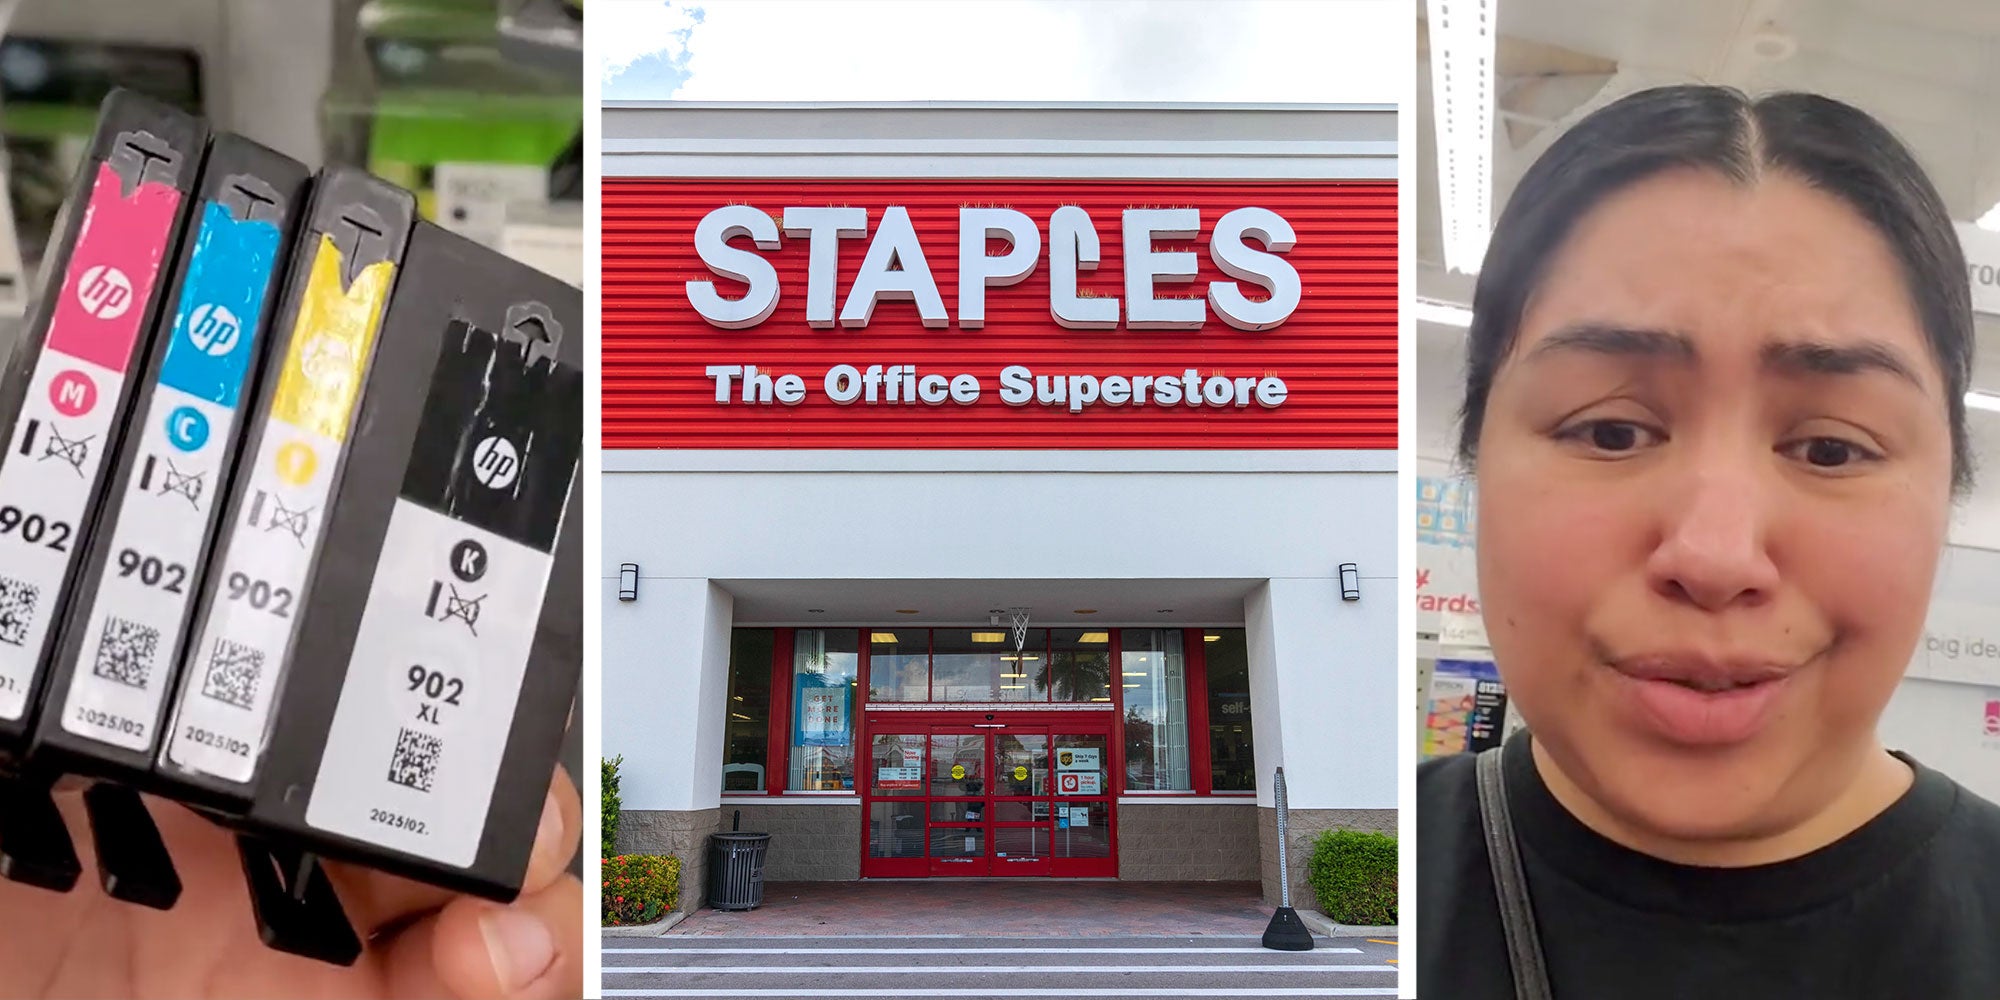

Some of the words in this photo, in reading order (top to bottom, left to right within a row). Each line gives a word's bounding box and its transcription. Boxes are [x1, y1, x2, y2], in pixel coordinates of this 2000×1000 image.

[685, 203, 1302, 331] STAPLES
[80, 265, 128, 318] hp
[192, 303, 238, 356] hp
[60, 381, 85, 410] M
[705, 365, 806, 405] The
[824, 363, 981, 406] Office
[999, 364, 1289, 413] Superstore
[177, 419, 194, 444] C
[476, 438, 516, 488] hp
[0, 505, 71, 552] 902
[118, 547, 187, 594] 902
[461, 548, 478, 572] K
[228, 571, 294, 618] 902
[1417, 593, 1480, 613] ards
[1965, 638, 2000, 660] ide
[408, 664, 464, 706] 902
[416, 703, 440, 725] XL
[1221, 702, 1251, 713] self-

= = =

What you have to do => All of the data above needs to be retyped exactly, with the pictures removed.

Solution below =>
Some of the words in this photo, in reading order (top to bottom, left to right within a row). Each line gives a word's bounding box and its transcription. Boxes are [x1, y1, x2, y2], in pixel coordinates of this 2000×1000 image.

[685, 203, 1302, 331] STAPLES
[80, 265, 128, 318] hp
[192, 303, 238, 356] hp
[60, 381, 85, 410] M
[705, 365, 806, 405] The
[824, 363, 981, 406] Office
[999, 364, 1289, 413] Superstore
[177, 419, 194, 444] C
[476, 438, 516, 488] hp
[0, 505, 71, 552] 902
[118, 547, 187, 594] 902
[461, 548, 478, 572] K
[228, 571, 294, 618] 902
[1417, 593, 1480, 613] ards
[1965, 638, 2000, 660] ide
[408, 664, 464, 706] 902
[416, 703, 440, 725] XL
[1221, 702, 1251, 713] self-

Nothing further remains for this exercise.